▶ DATA LISTING:

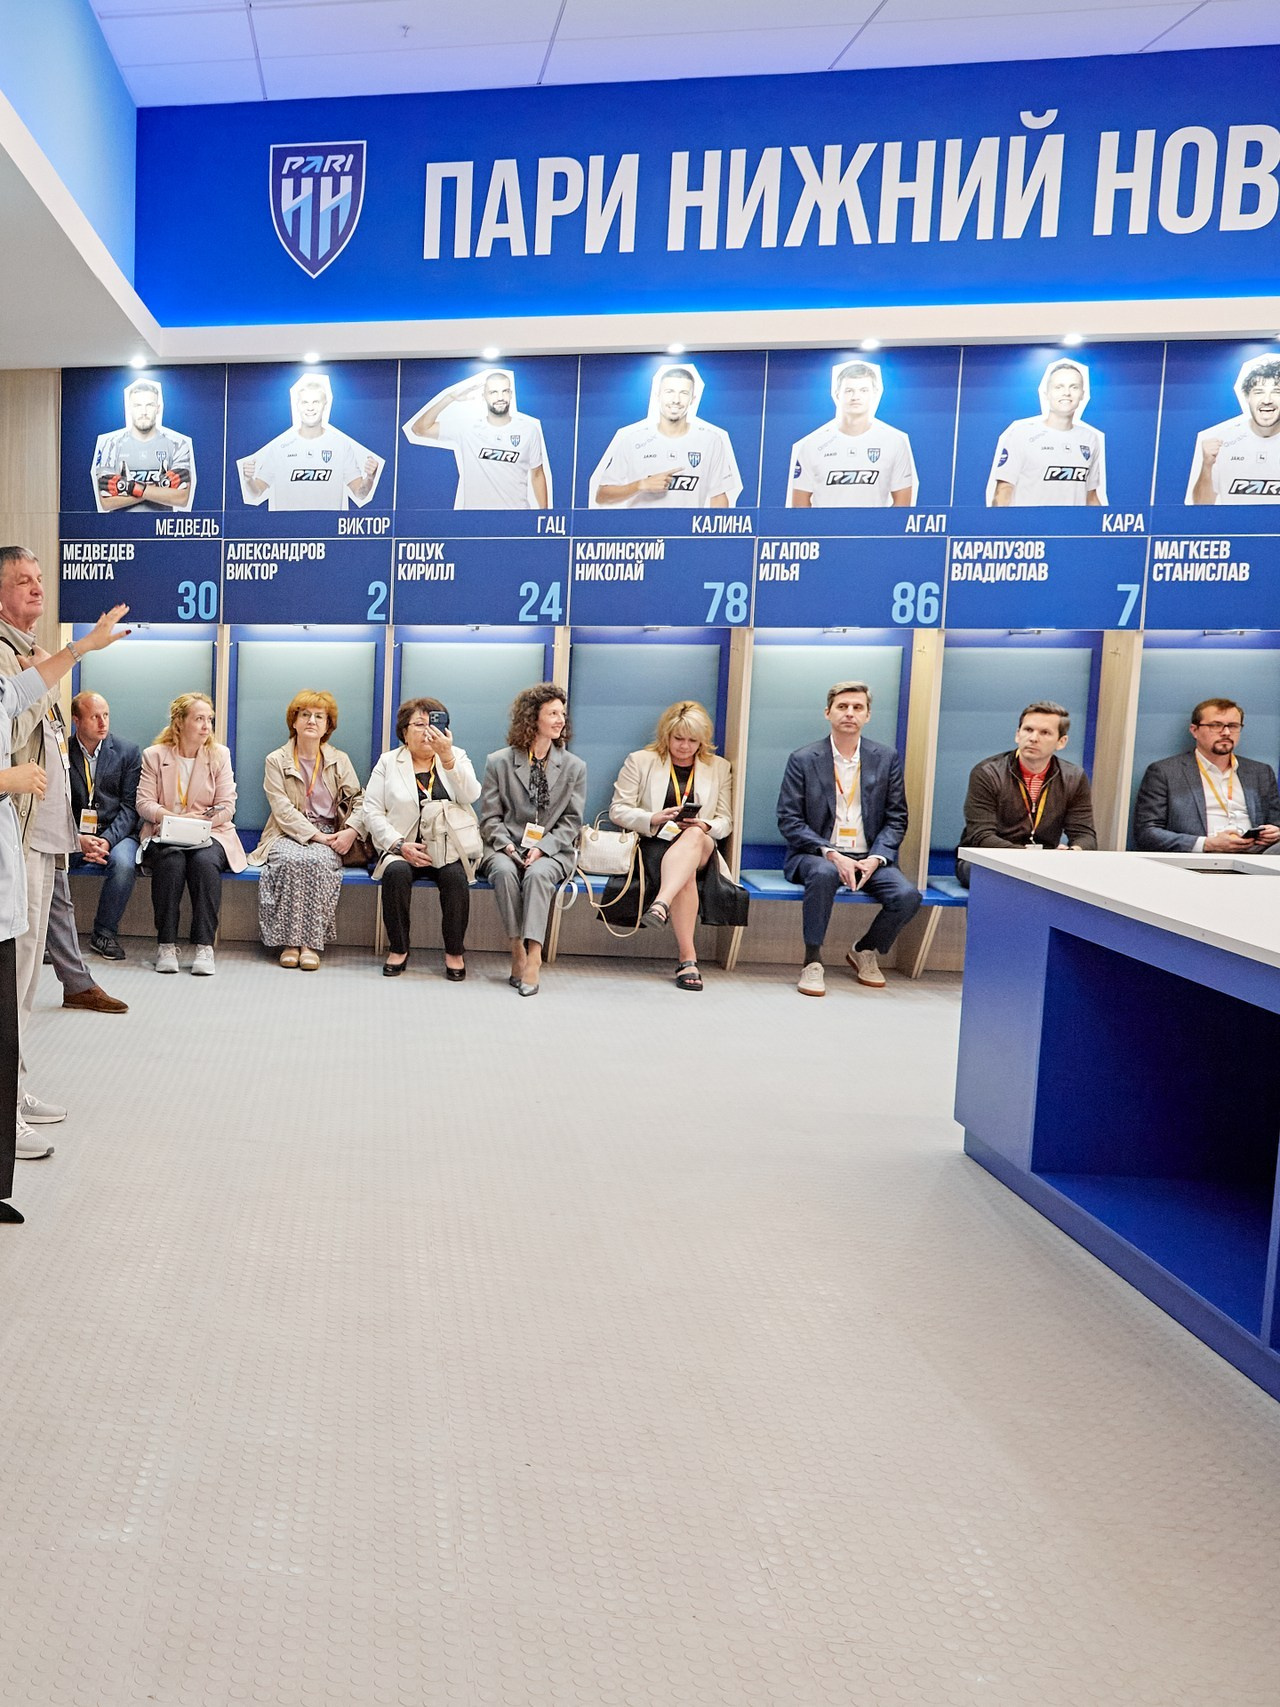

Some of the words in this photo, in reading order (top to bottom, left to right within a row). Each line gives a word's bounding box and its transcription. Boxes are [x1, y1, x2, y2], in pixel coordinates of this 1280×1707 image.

[281, 153, 354, 175] PARI
[423, 153, 640, 260] ПАРИ
[667, 108, 1065, 252] НИЖНИЙ
[1092, 123, 1280, 236] НОВ
[291, 470, 332, 481] PARI
[827, 471, 879, 485] PARI
[1230, 480, 1280, 494] PAR
[155, 518, 220, 537] МЕДВЕДЬ
[337, 517, 391, 535] ВИКТОР
[537, 515, 566, 536] ГАЦ
[691, 515, 753, 534] КАЛИНА
[905, 514, 947, 533] АГАП
[1102, 513, 1145, 532] КАРА
[63, 543, 135, 562] МЕДВЕДЕВ
[226, 543, 326, 561] АЛЕКСАНДРОВ
[398, 542, 445, 562] ГОЦУК
[576, 539, 665, 560] КАЛИНСКИЙ
[760, 542, 820, 560] АГАПОВ
[952, 541, 1045, 560] КАРАПУЗОВ
[1153, 540, 1231, 560] МАГКЕЕВ
[62, 563, 115, 580] НИКИТА
[226, 563, 278, 580] ВИКТОР
[397, 563, 455, 581] КИРИЛЛ
[575, 560, 645, 581] НИКОЛАЙ
[759, 563, 800, 581] ИЛЬЯ
[951, 563, 1049, 583] ВЛАДИСЛАВ
[1152, 562, 1250, 582] СТАНИСЛАВ
[177, 580, 218, 620] 30
[366, 580, 388, 621] 2
[518, 581, 562, 622] 24
[703, 581, 748, 623] 78
[891, 581, 940, 624] 86
[1116, 583, 1140, 626] 7

▶ TASK GOAL: Retype the records above exactly. Leave the pictures out.

▶ COMPLETED EXERCISE:
Some of the words in this photo, in reading order (top to bottom, left to right within a row). Each line gives a word's bounding box and its transcription. Boxes are [x1, y1, x2, y2], in pixel coordinates of this 1280×1707 image.

[281, 153, 354, 175] PARI
[423, 153, 640, 260] ПАРИ
[667, 108, 1065, 252] НИЖНИЙ
[1092, 123, 1280, 236] НОВ
[291, 470, 332, 481] PARI
[827, 471, 879, 485] PARI
[1230, 480, 1280, 494] PAR
[155, 518, 220, 537] МЕДВЕДЬ
[337, 517, 391, 535] ВИКТОР
[537, 515, 566, 536] ГАЦ
[691, 515, 753, 534] КАЛИНА
[905, 514, 947, 533] АГАП
[1102, 513, 1145, 532] КАРА
[63, 543, 135, 562] МЕДВЕДЕВ
[226, 543, 326, 561] АЛЕКСАНДРОВ
[398, 542, 445, 562] ГОЦУК
[576, 539, 665, 560] КАЛИНСКИЙ
[760, 542, 820, 560] АГАПОВ
[952, 541, 1045, 560] КАРАПУЗОВ
[1153, 540, 1231, 560] МАГКЕЕВ
[62, 563, 115, 580] НИКИТА
[226, 563, 278, 580] ВИКТОР
[397, 563, 455, 581] КИРИЛЛ
[575, 560, 645, 581] НИКОЛАЙ
[759, 563, 800, 581] ИЛЬЯ
[951, 563, 1049, 583] ВЛАДИСЛАВ
[1152, 562, 1250, 582] СТАНИСЛАВ
[177, 580, 218, 620] 30
[366, 580, 388, 621] 2
[518, 581, 562, 622] 24
[703, 581, 748, 623] 78
[891, 581, 940, 624] 86
[1116, 583, 1140, 626] 7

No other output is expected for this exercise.